### What the task asks:
The entries are to be repeated exactly, with all pictures omitted.

### Records for this task:

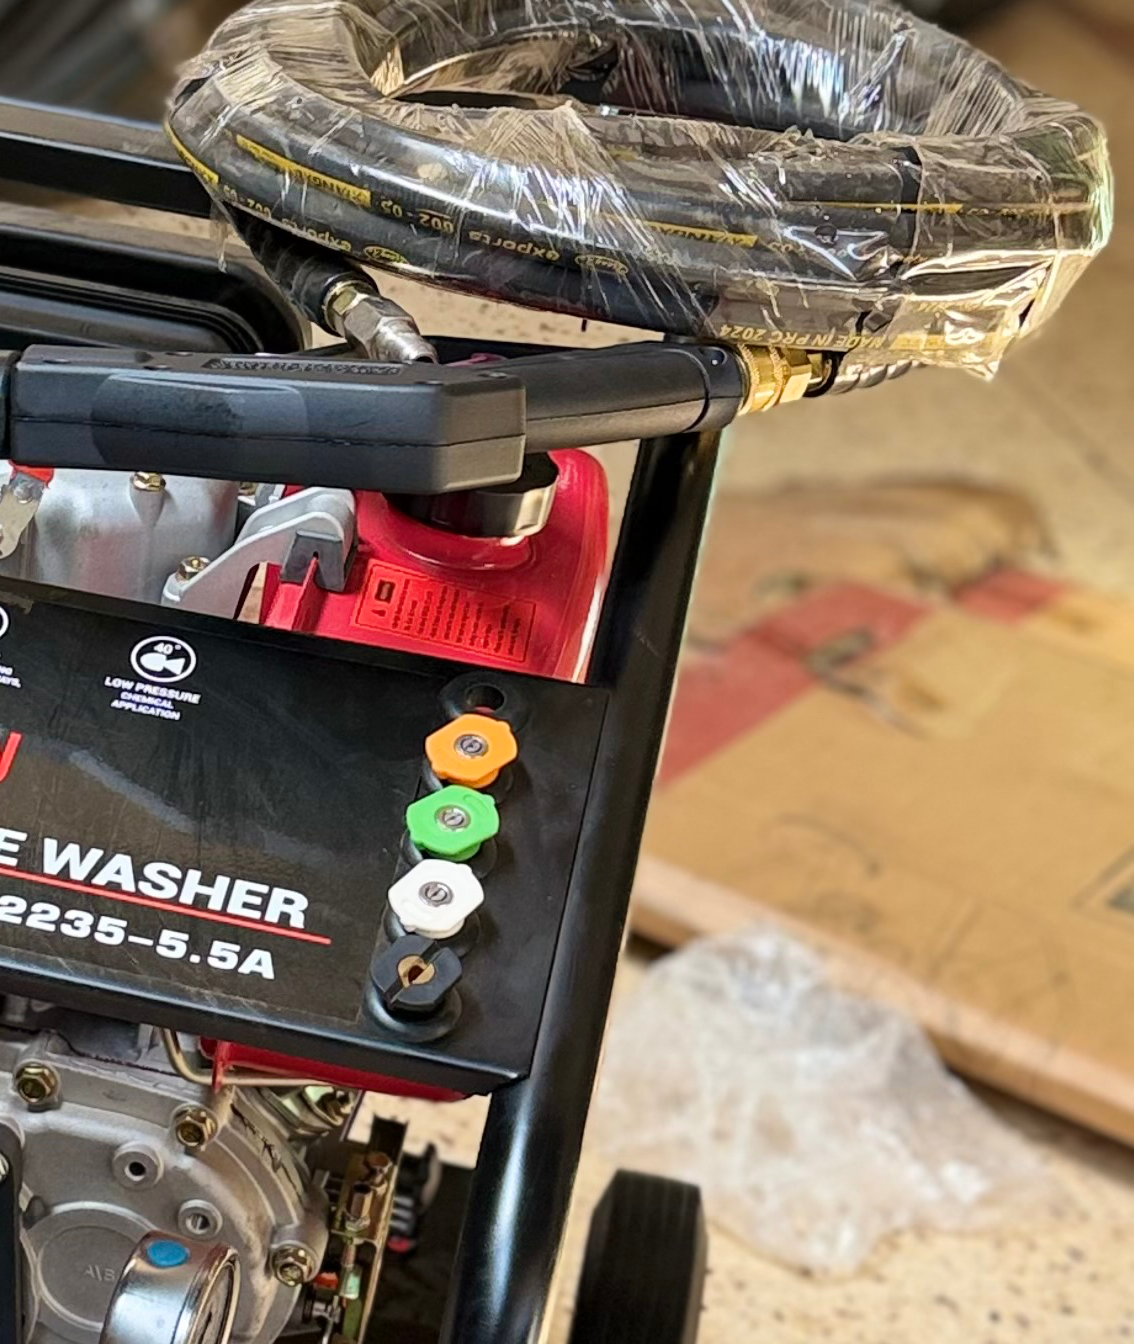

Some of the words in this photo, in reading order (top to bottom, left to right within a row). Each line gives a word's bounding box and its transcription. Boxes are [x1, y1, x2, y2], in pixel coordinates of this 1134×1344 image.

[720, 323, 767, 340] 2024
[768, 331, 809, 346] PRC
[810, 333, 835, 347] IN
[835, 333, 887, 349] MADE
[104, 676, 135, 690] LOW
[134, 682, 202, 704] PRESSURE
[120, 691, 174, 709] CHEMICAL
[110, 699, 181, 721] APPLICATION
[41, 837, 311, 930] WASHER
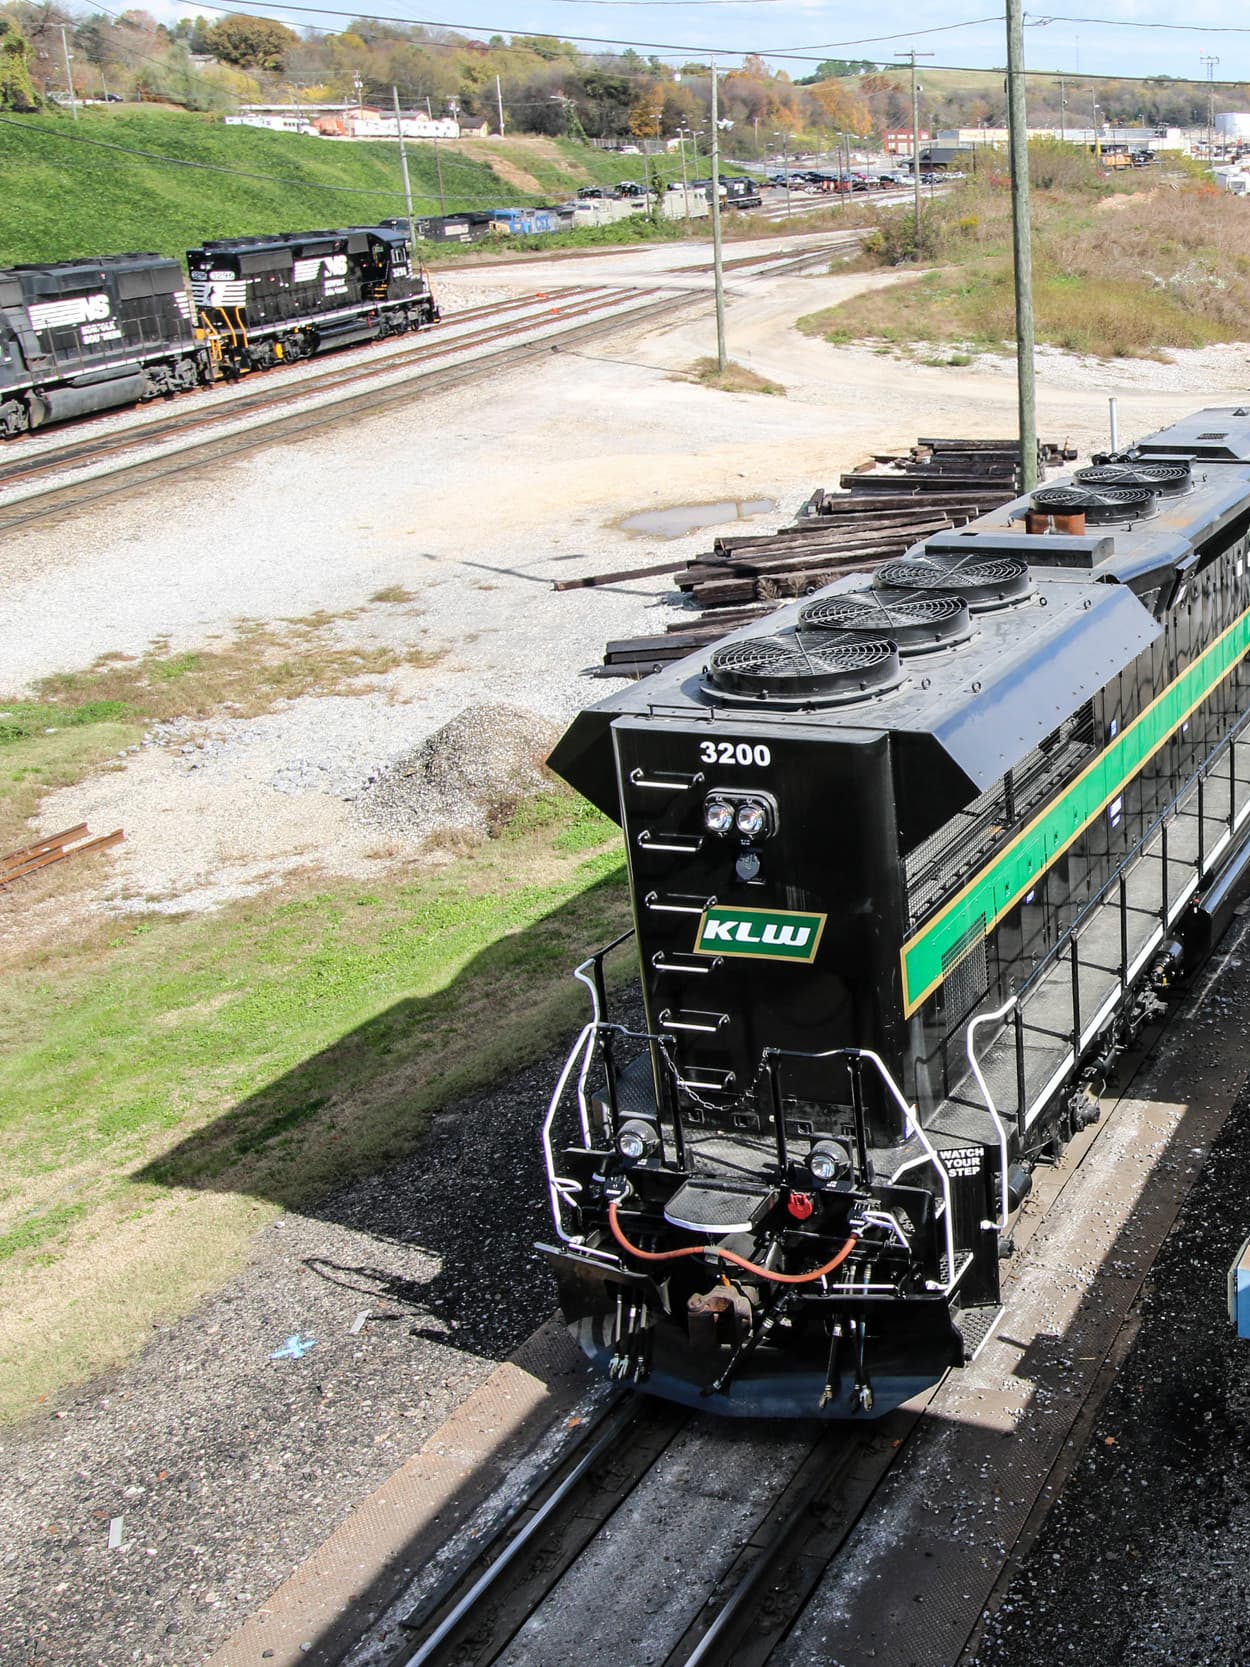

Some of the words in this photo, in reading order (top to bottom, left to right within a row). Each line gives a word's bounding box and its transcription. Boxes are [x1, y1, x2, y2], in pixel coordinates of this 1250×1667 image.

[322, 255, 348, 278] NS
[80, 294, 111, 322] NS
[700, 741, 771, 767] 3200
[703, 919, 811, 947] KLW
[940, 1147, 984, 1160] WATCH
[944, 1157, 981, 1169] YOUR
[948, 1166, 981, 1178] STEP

### Exercise result:
Some of the words in this photo, in reading order (top to bottom, left to right within a row). Each line gives a word's bounding box and its transcription. Boxes are [x1, y1, x2, y2], in pixel coordinates of this 1134×1344 image.

[720, 323, 767, 340] 2024
[768, 331, 809, 346] PRC
[810, 333, 835, 347] IN
[835, 333, 887, 349] MADE
[104, 676, 135, 690] LOW
[134, 682, 202, 704] PRESSURE
[120, 691, 174, 709] CHEMICAL
[110, 699, 181, 721] APPLICATION
[41, 837, 311, 930] WASHER

Some of the words in this photo, in reading order (top to bottom, left to right within a row). Each line gives a word's bounding box and its transcription. Boxes are [x1, y1, x2, y2], in pixel coordinates of this 1250×1667 image.

[322, 255, 348, 278] NS
[80, 294, 111, 322] NS
[700, 741, 771, 767] 3200
[703, 919, 811, 947] KLW
[940, 1147, 984, 1160] WATCH
[944, 1157, 981, 1169] YOUR
[948, 1166, 981, 1178] STEP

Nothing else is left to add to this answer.